TASK DATA:
——————————

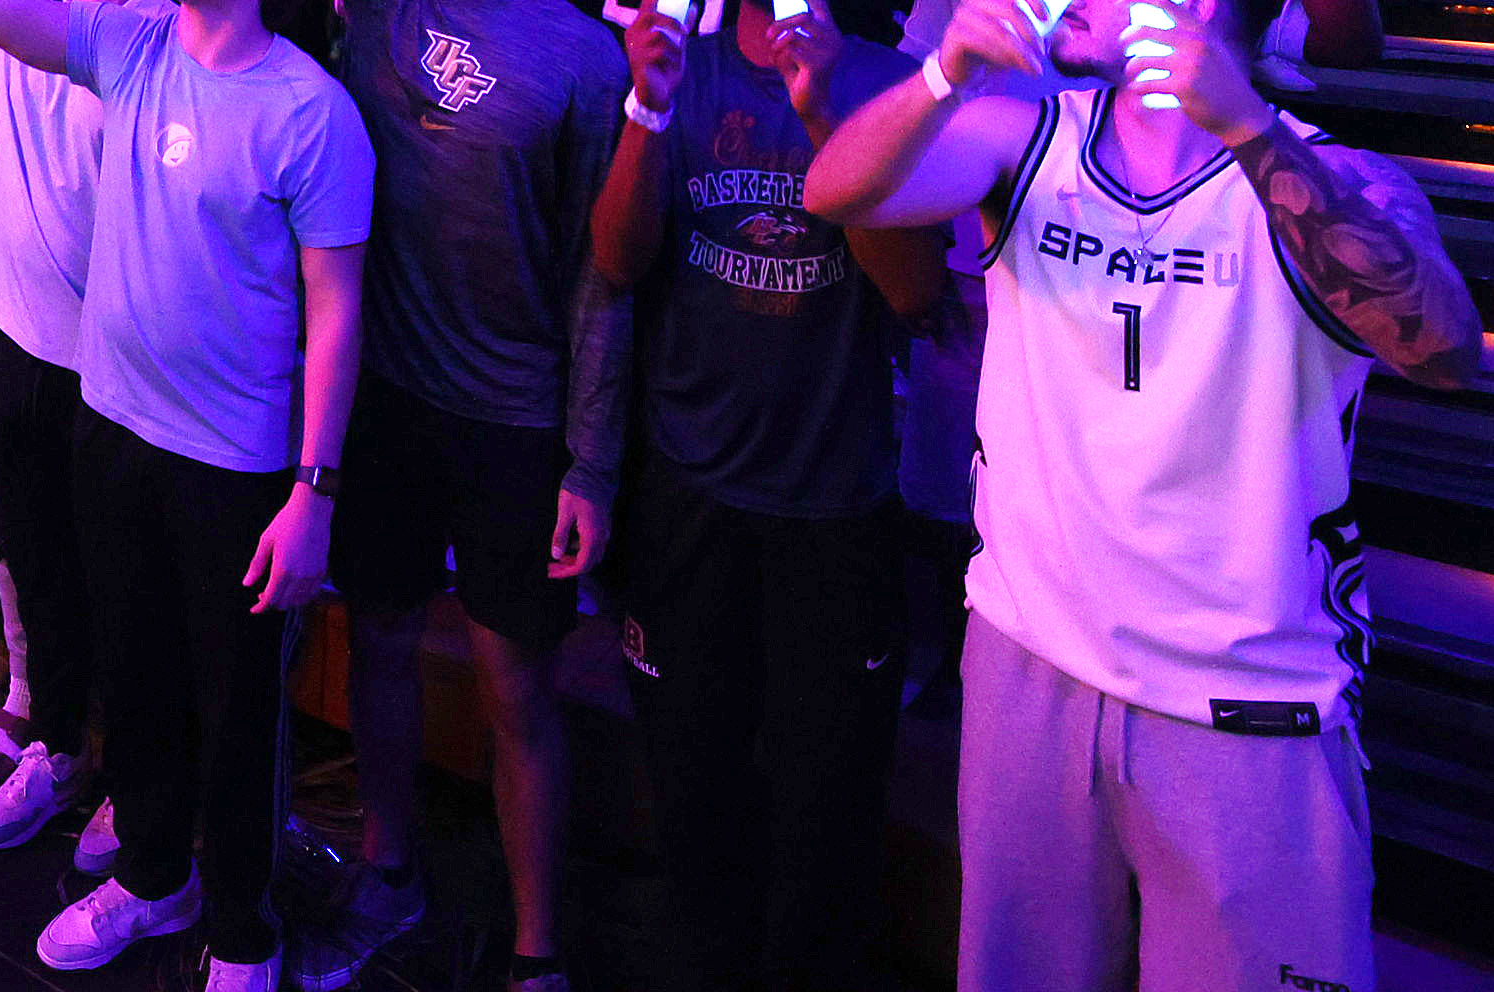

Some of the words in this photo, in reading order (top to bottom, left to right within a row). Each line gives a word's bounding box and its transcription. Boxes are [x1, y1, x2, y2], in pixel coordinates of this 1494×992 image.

[420, 28, 497, 113] UCF
[688, 230, 845, 293] TOURNAMENT
[1111, 301, 1142, 393] 1
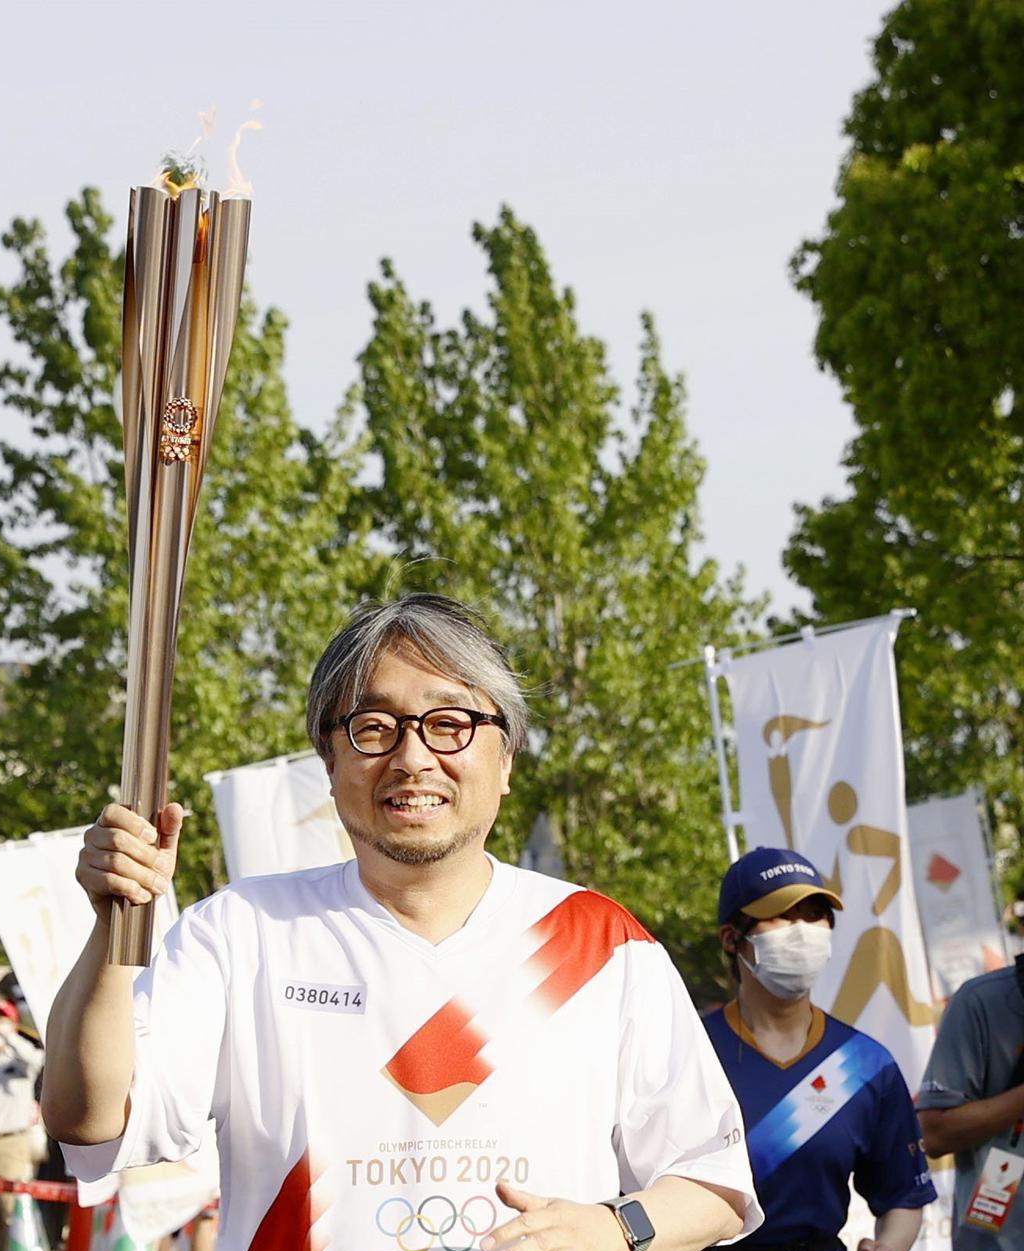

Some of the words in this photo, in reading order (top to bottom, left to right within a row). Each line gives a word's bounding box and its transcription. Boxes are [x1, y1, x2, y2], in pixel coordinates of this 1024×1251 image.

[759, 863, 794, 880] TOKYO
[284, 985, 362, 1007] 0380414
[378, 1140, 424, 1153] OLYMPIC
[427, 1139, 462, 1151] TORCH
[464, 1139, 499, 1150] RELAY
[346, 1155, 448, 1186] TOKYO
[456, 1155, 530, 1184] 2020
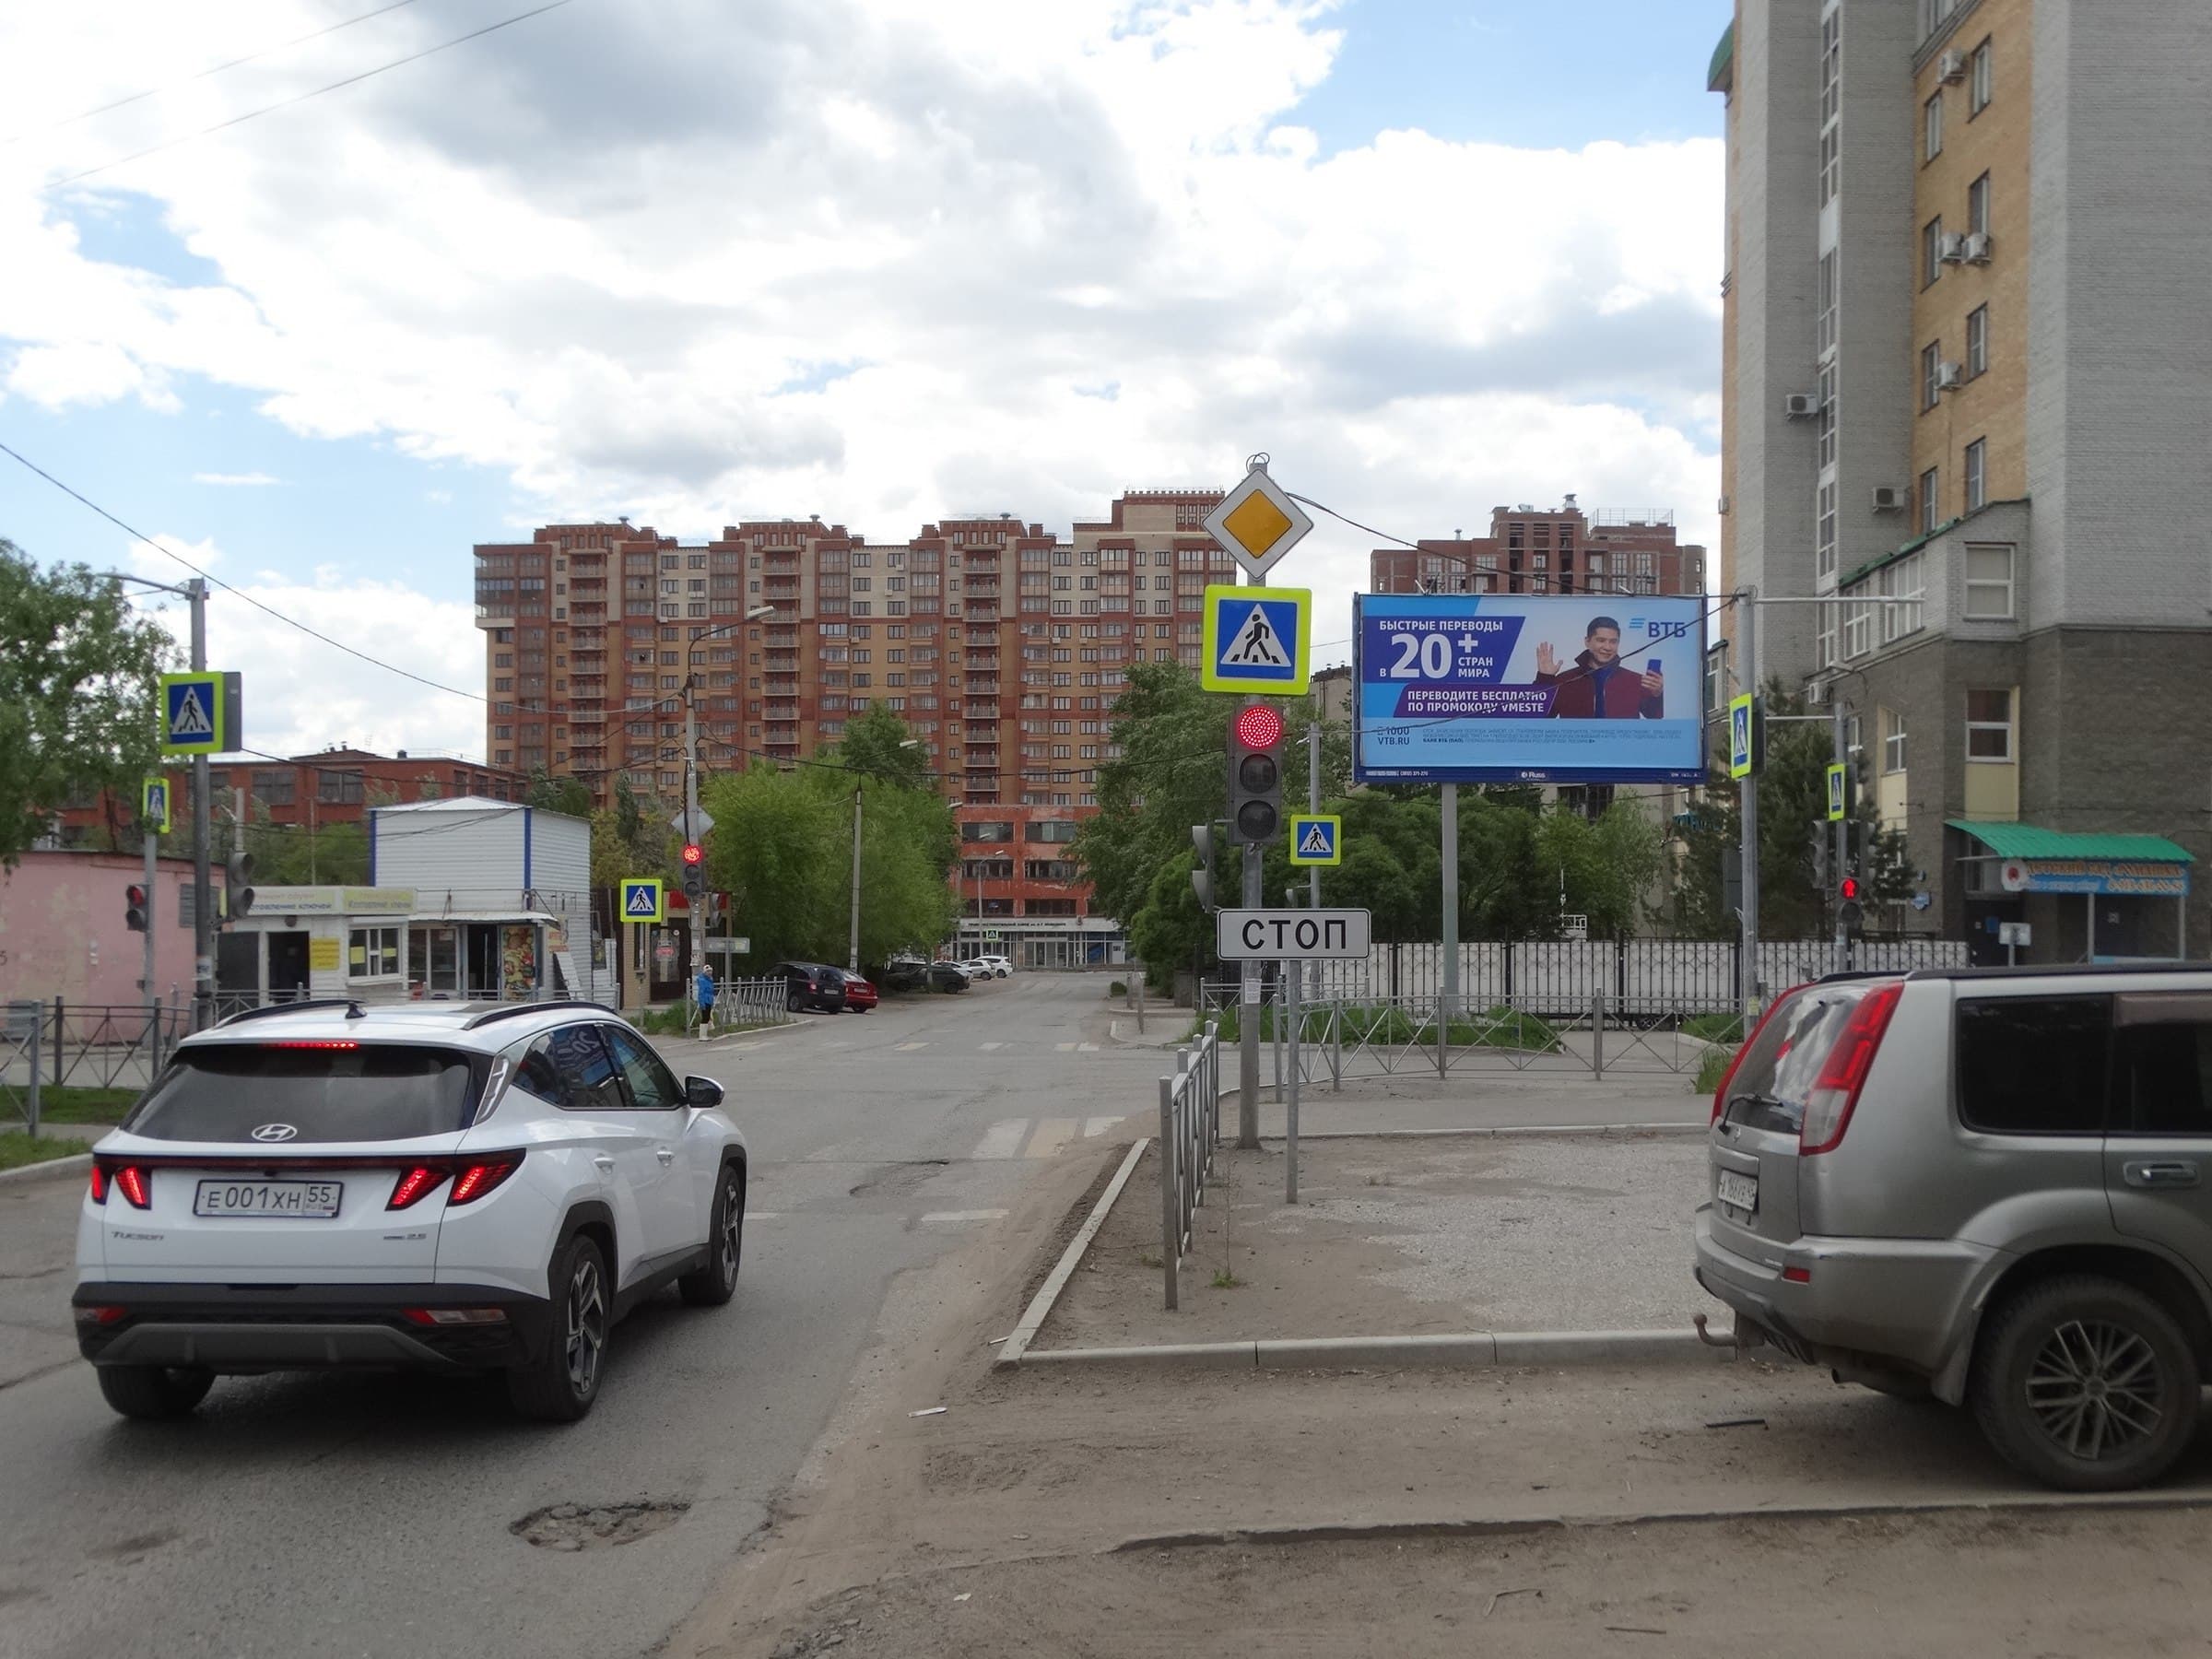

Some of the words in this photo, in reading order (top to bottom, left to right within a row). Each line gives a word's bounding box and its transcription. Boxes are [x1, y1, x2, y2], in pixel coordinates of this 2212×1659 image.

[1379, 620, 1436, 630] БЫСТРЫЕ
[1440, 620, 1503, 632] ПЕРЕВОДЫ
[1648, 621, 1687, 638] ВТБ
[1458, 657, 1493, 666] СТРАН
[1458, 668, 1490, 677] МИРА
[1407, 691, 1478, 701] ПЕРЕВОДИТЕ
[1482, 691, 1547, 701] БЕСПЛАТНО
[1407, 702, 1424, 712] ПО
[1427, 702, 1499, 713] ПРОМОКОДУ
[1377, 736, 1410, 746] VTB.RU
[1242, 919, 1346, 949] СТОП
[308, 1186, 331, 1203] 55

——————————

REQUIRED WORK:
Give back each entry exactly as it appears. Leave pictures out.

WRITTEN ANSWER:
Some of the words in this photo, in reading order (top to bottom, left to right within a row). Each line gives a word's bounding box and its transcription. Boxes are [x1, y1, x2, y2], in pixel coordinates of this 1494×992 image.

[420, 28, 497, 113] UCF
[688, 230, 845, 293] TOURNAMENT
[1111, 301, 1142, 393] 1

Some of the words in this photo, in reading order (top to bottom, left to right within a row). Each line gives a word's bounding box and its transcription. Boxes are [x1, y1, x2, y2], in pixel coordinates of this 1024×1251 image.

[759, 863, 794, 880] TOKYO
[284, 985, 362, 1007] 0380414
[378, 1140, 424, 1153] OLYMPIC
[427, 1139, 462, 1151] TORCH
[464, 1139, 499, 1150] RELAY
[346, 1155, 448, 1186] TOKYO
[456, 1155, 530, 1184] 2020

Some of the words in this photo, in reading order (top to bottom, left to right within a row). Each line gives a word's bounding box and its transcription. Boxes are [x1, y1, x2, y2], in pixel coordinates of this 2212×1659 image.

[1379, 620, 1436, 630] БЫСТРЫЕ
[1440, 620, 1503, 632] ПЕРЕВОДЫ
[1648, 621, 1687, 638] ВТБ
[1458, 657, 1493, 666] СТРАН
[1458, 668, 1490, 677] МИРА
[1407, 691, 1478, 701] ПЕРЕВОДИТЕ
[1482, 691, 1547, 701] БЕСПЛАТНО
[1407, 702, 1424, 712] ПО
[1427, 702, 1499, 713] ПРОМОКОДУ
[1377, 736, 1410, 746] VTB.RU
[1242, 919, 1346, 949] СТОП
[308, 1186, 331, 1203] 55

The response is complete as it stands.